В диспансер он не приходил, а звонил по телефону и сообщал, что работает на прежнем месте ведущим конструктором. Медсестра регулярно, после каждого очередного визита делала в амбулаторной карте почти одинакового содержания записи следующего содержания: «При посещении дома никого нет. Со слов соседей, больной на работе. Видят часто, одет опрятно. Взаимоотношения с соседями хорошие. Конфликтов нет. Оставлено приглашение в диспансер».
Через четыре с половиной года после выписки из больницы он уволился с работы в связи с уходом на пенсию, так как достиг пенсионного возраста шестидесяти лет. Он уволился с работы для того, чтобы у него было достаточно свободного времени для привлечения к судебной ответственности психиатров. Через две недели он подал первое заявление в прокуратуру столицы о возбуждении уголовного дела против психиатров и начальника первого отдела столичного совета, полковника комитета государственной безопасности столицы и столичной области. В этом заявлении он коротко изложил произошедшие события, написал, что считает виновными семь человек, и просил возбудить уголовное дело против них. Через месяц после этого он пришёл на приём к психиатру, и его сняли с учёта в городском психоневрологическом диспансере. Все записи в его амбулаторной карте были написаны безобразным, трудночитаемым почерком главного врача. Для прочтения записей он затратил несколько часов напряжённой работы. Записи в стационарной карте областной психиатрической больницы, написанные заведующим отделением, были так написаны, что прочитать их было вообще невозможно. Выписка из истории его болезни была напечатана на пишущей машинке на одном листе с двух сторон на прозрачной карандашной кальке для выполнения чертежей. «Так оформлять медицинскую документацию могут только психиатры, у которых почти полностью отсутствует логическое мышление», – подумал он.

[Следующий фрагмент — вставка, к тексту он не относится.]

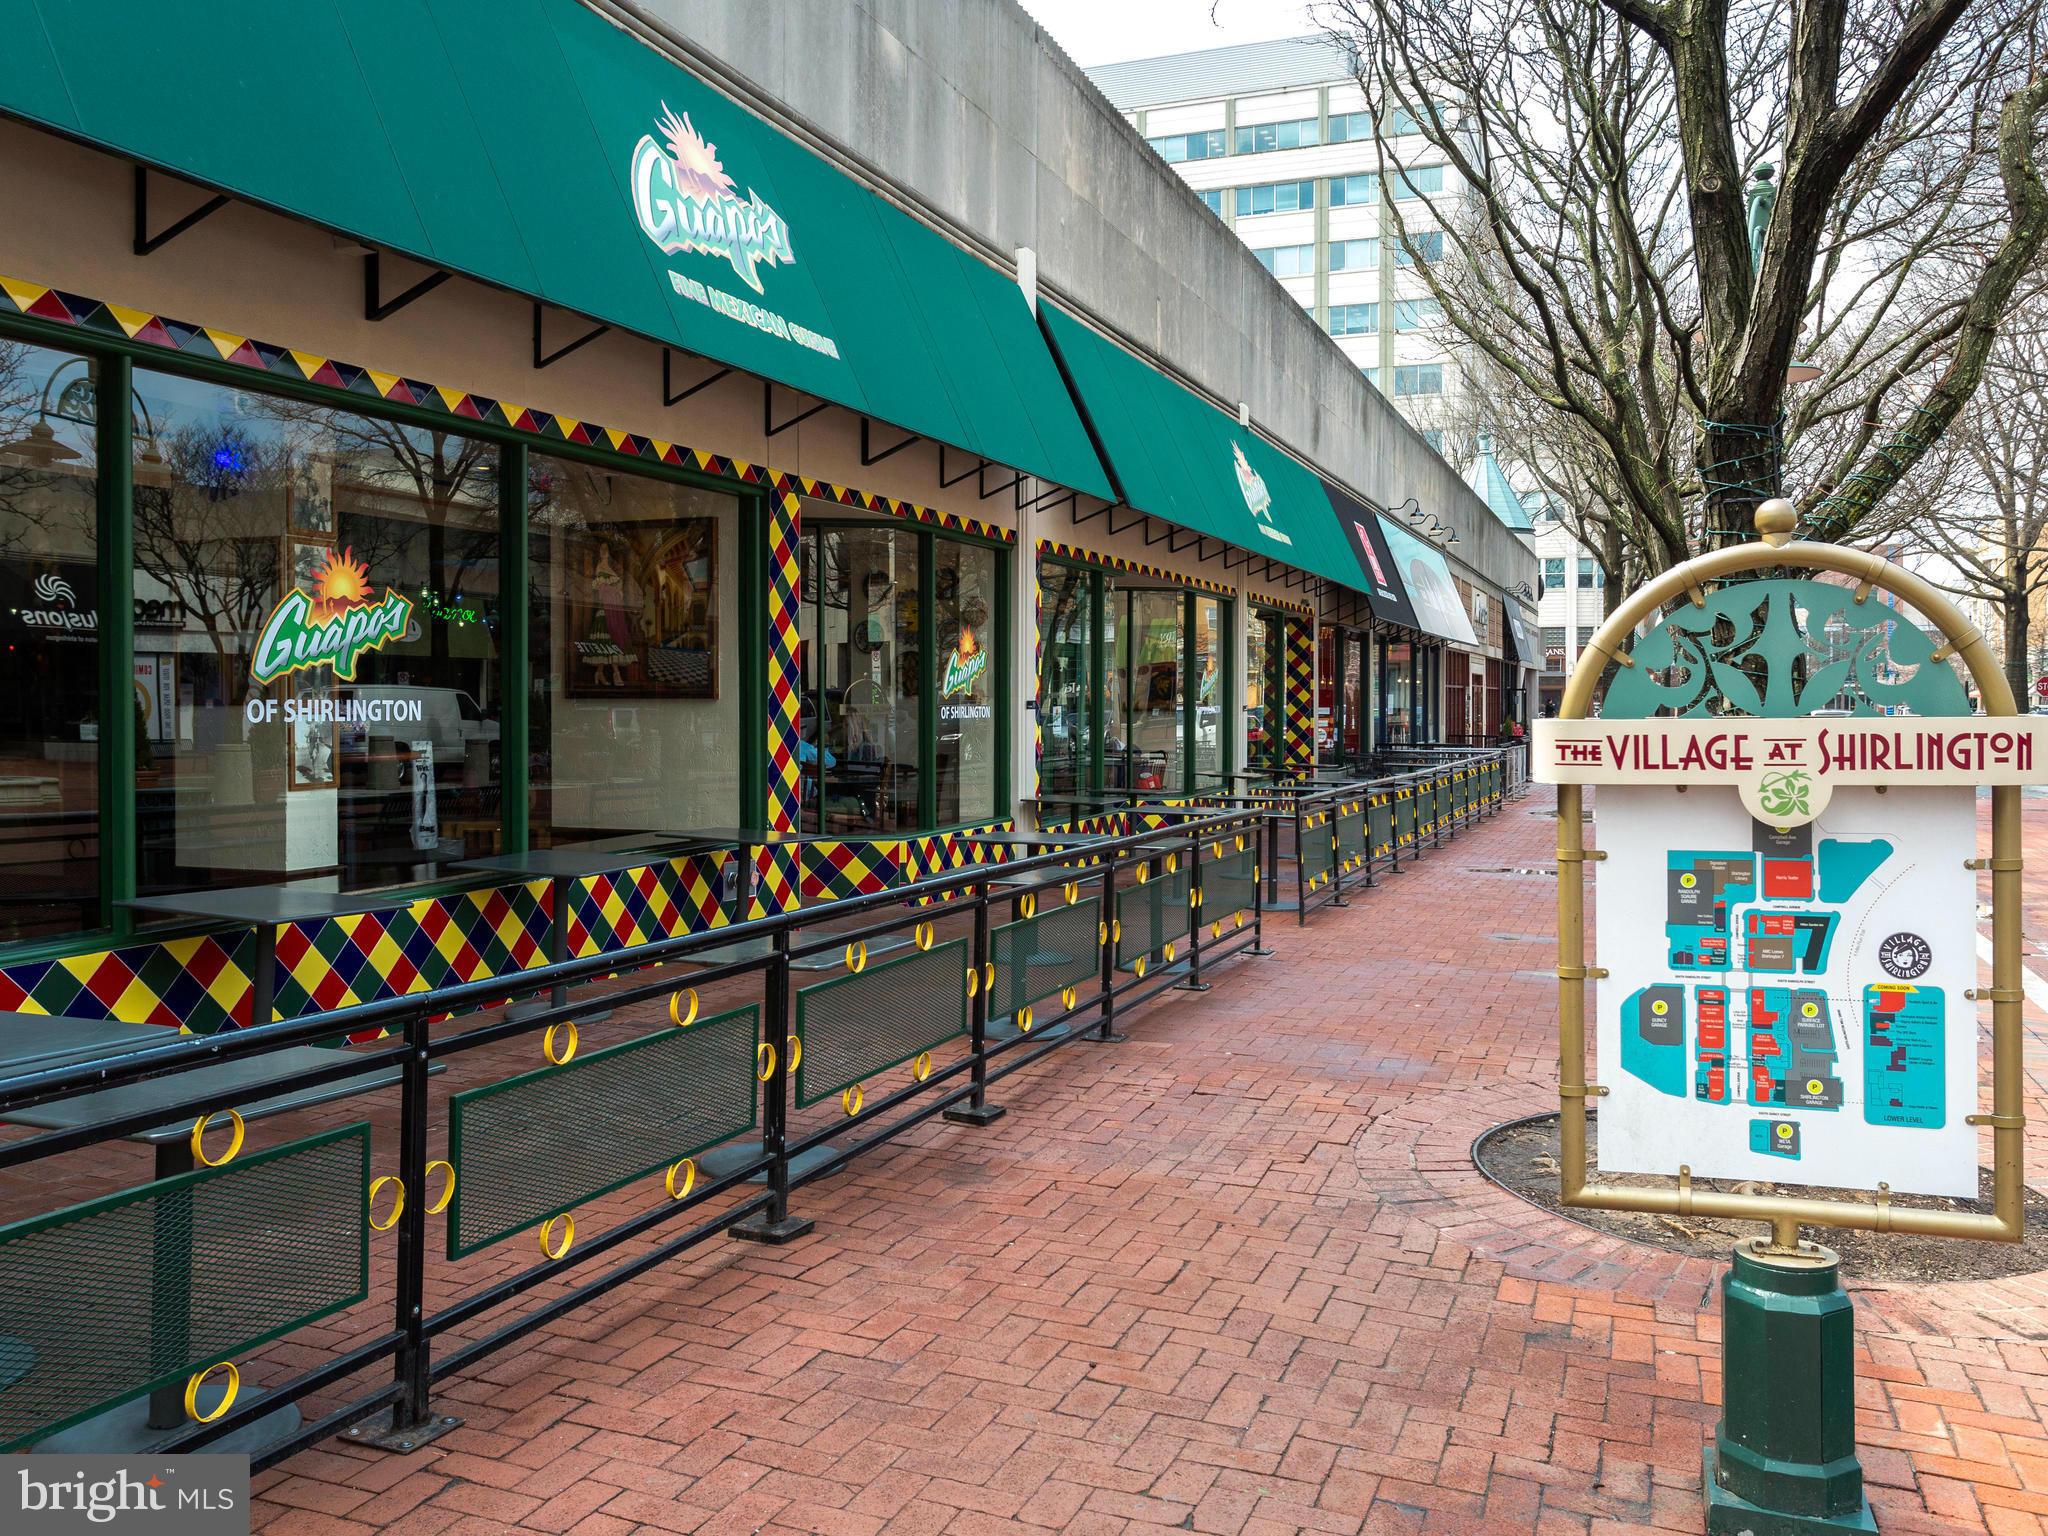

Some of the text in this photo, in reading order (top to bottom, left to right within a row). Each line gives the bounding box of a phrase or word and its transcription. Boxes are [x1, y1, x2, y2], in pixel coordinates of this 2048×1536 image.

В прокуратуре столицы решили не возбуждать уголовное дело против психиатров и направили его заявление в главное управление здравоохранения исполнительного комитета. Оттуда письмо отправили главному психиатру столицы, а он – в областную психиатрическую больницу, против врачей которой он хотел возбудить уголовное дело. В ответе было написано, что ему целесообразно пройти освидетельствование в комиссии при главном психиатре. Он подал ещё одно заявление, в прокуратуру района столицы. Ответила та же больница и пригласила на освидетельствование. Он задумался: нужно ли ему проходить у психиатров медицинские экспертные комиссии? – ведь он психически здоров и был помещён в психбольницы необоснованно. Он прошёл медицинскую экспертную комиссию в независимой психиатрической ассоциации. Комиссия пришла к заключению, что он признаков психического заболевания не обнаруживает. После этого он написал заявление в прокуратуру пригородного города и отправился на приём к прокурору. Прокурор пригородного города сказал, что возбуждать уголовное дело нет оснований и что комиссия независимой психиатрической ассоциации не имеет юридической силы.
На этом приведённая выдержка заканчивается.